▶ DIRECTIONS: Transcribe exactly the line containing "Some of the words" and the remaining lines of the listing below, through the very last.

━━━━━━━━━━

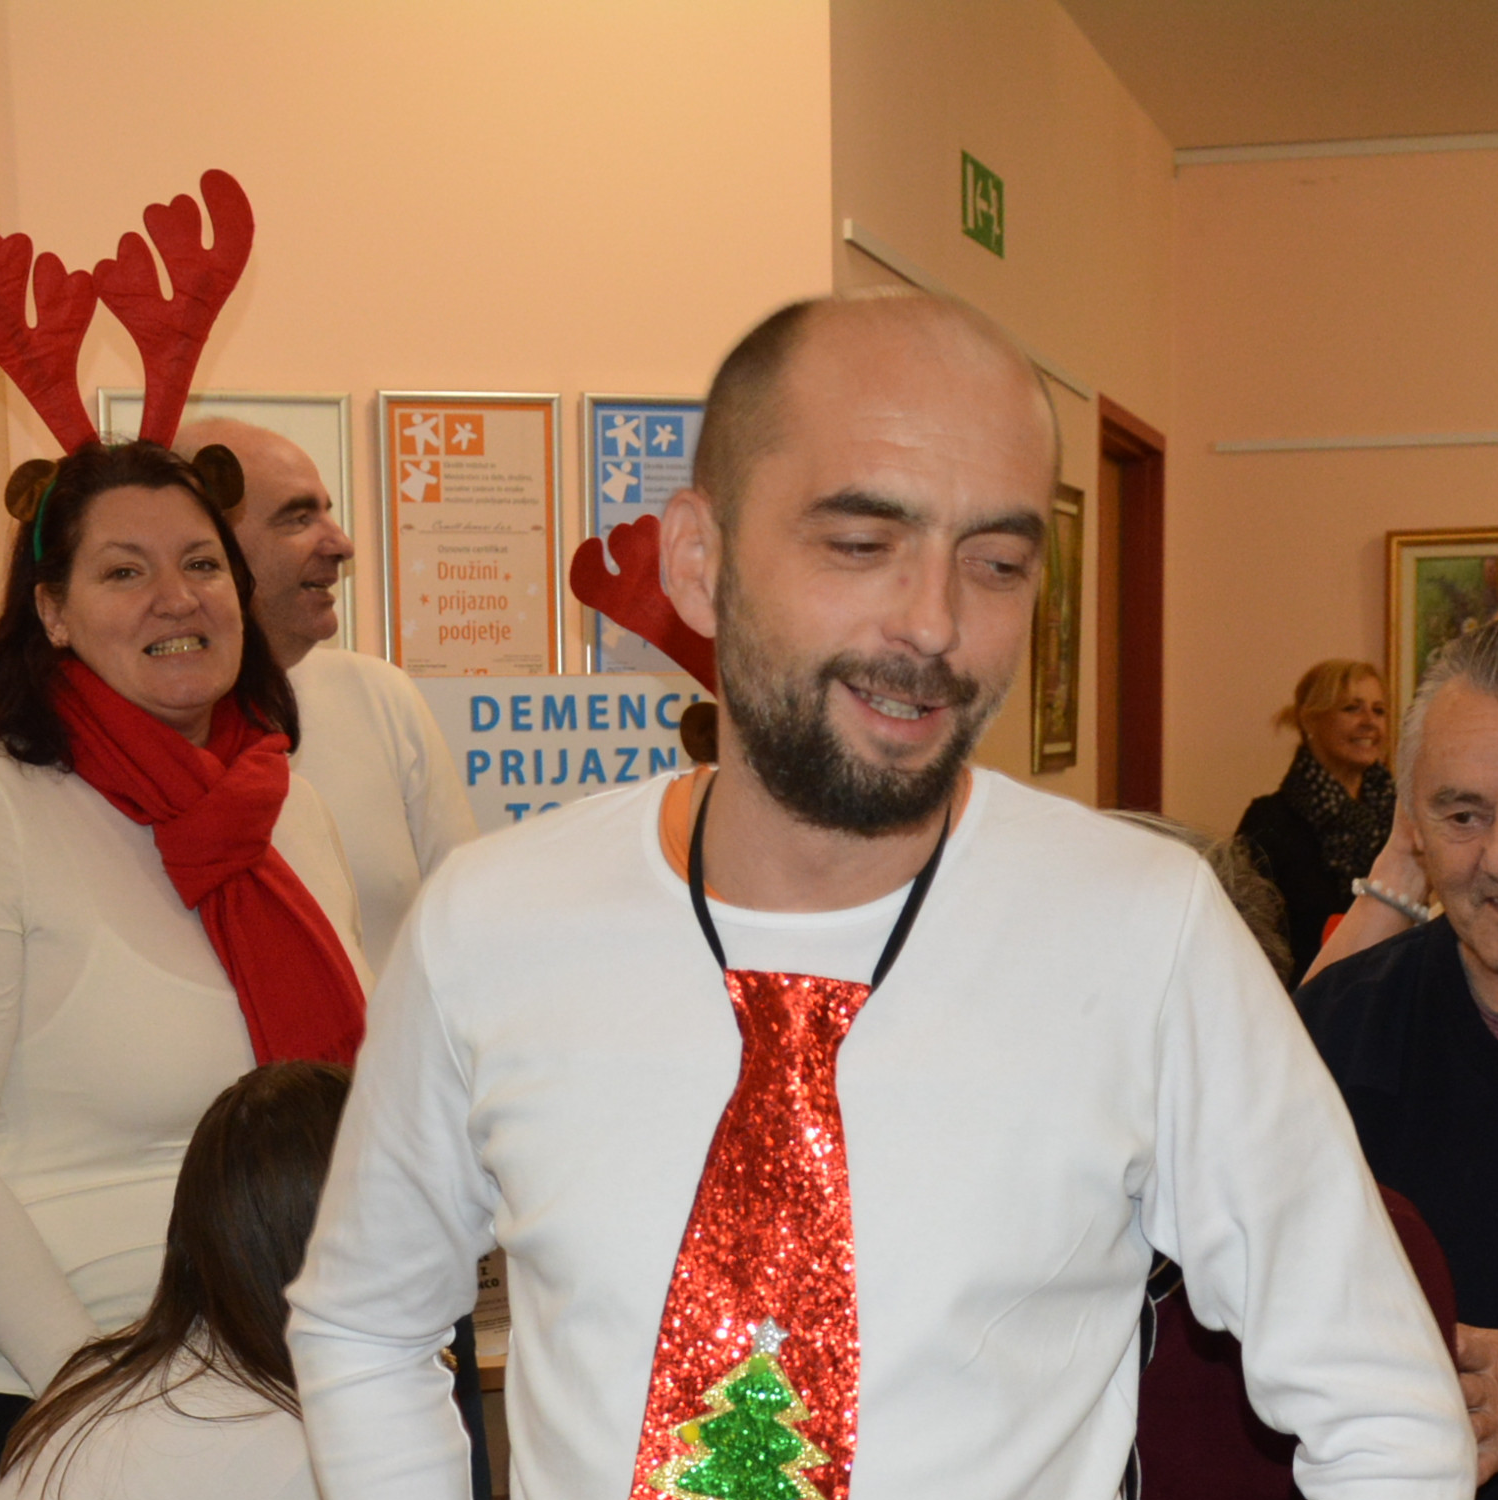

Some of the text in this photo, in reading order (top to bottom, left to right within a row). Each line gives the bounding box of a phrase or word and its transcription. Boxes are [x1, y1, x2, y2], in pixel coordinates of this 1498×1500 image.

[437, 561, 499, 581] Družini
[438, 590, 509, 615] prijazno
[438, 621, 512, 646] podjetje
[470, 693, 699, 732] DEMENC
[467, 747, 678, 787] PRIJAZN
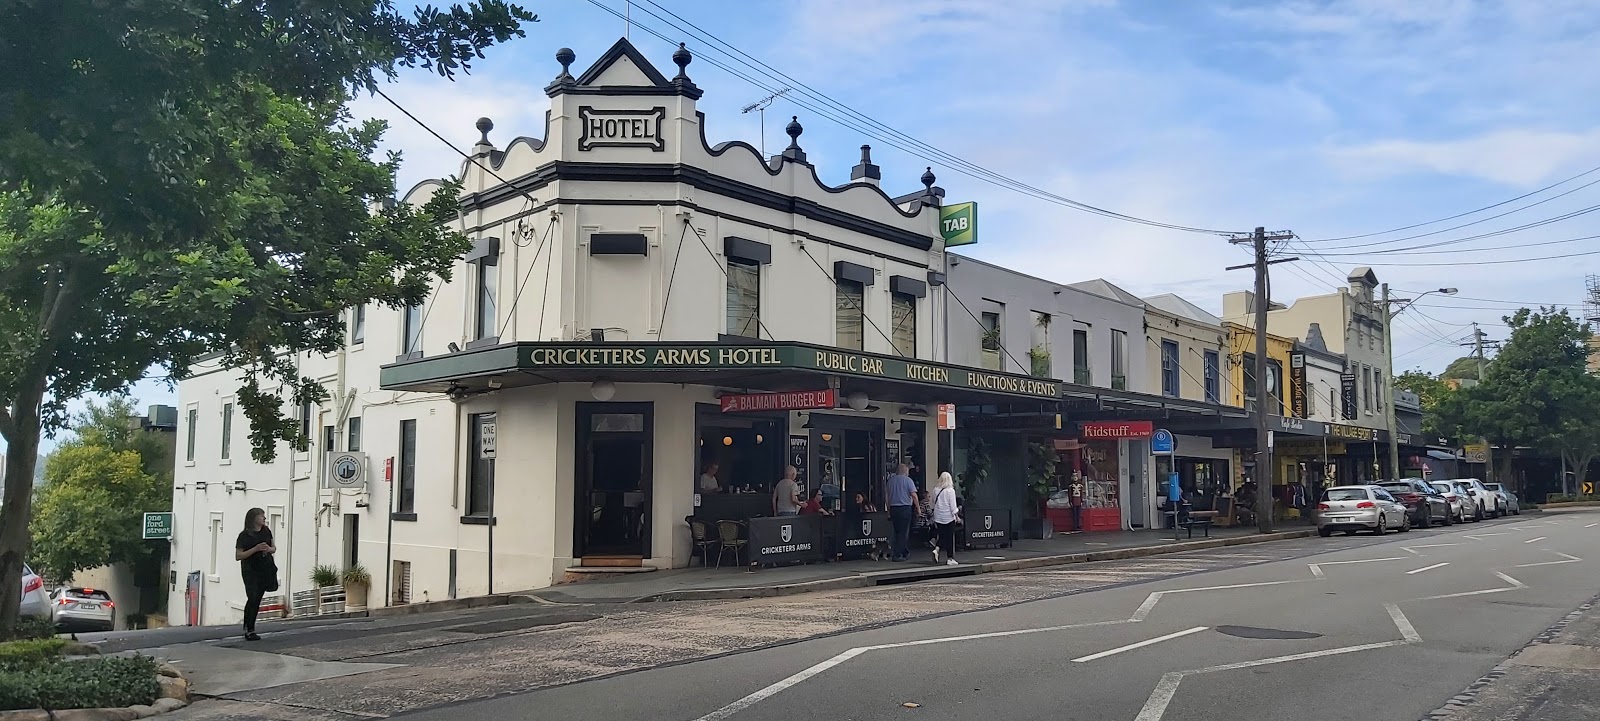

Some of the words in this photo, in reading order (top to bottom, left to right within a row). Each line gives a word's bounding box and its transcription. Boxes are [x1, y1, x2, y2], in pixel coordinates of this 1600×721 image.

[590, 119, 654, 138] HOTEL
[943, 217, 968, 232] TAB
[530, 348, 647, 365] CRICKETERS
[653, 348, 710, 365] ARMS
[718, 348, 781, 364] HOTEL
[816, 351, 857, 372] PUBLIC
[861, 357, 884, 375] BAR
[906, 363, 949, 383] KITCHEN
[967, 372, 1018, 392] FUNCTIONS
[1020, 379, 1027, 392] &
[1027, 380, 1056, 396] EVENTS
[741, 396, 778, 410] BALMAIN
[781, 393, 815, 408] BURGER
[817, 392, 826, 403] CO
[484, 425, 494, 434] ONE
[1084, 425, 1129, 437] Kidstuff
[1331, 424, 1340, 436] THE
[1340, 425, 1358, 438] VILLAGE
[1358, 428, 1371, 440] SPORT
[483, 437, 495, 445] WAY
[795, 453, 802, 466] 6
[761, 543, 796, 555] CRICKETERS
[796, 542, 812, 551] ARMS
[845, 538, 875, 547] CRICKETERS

━━━━━━━━━━

▶ ANSWER SPACE:
Some of the words in this photo, in reading order (top to bottom, left to right within a row). Each line gives a word's bounding box and its transcription. Boxes are [x1, y1, x2, y2], in pixel coordinates of this 1600×721 image.

[590, 119, 654, 138] HOTEL
[943, 217, 968, 232] TAB
[530, 348, 647, 365] CRICKETERS
[653, 348, 710, 365] ARMS
[718, 348, 781, 364] HOTEL
[816, 351, 857, 372] PUBLIC
[861, 357, 884, 375] BAR
[906, 363, 949, 383] KITCHEN
[967, 372, 1018, 392] FUNCTIONS
[1020, 379, 1027, 392] &
[1027, 380, 1056, 396] EVENTS
[741, 396, 778, 410] BALMAIN
[781, 393, 815, 408] BURGER
[817, 392, 826, 403] CO
[484, 425, 494, 434] ONE
[1084, 425, 1129, 437] Kidstuff
[1331, 424, 1340, 436] THE
[1340, 425, 1358, 438] VILLAGE
[1358, 428, 1371, 440] SPORT
[483, 437, 495, 445] WAY
[795, 453, 802, 466] 6
[761, 543, 796, 555] CRICKETERS
[796, 542, 812, 551] ARMS
[845, 538, 875, 547] CRICKETERS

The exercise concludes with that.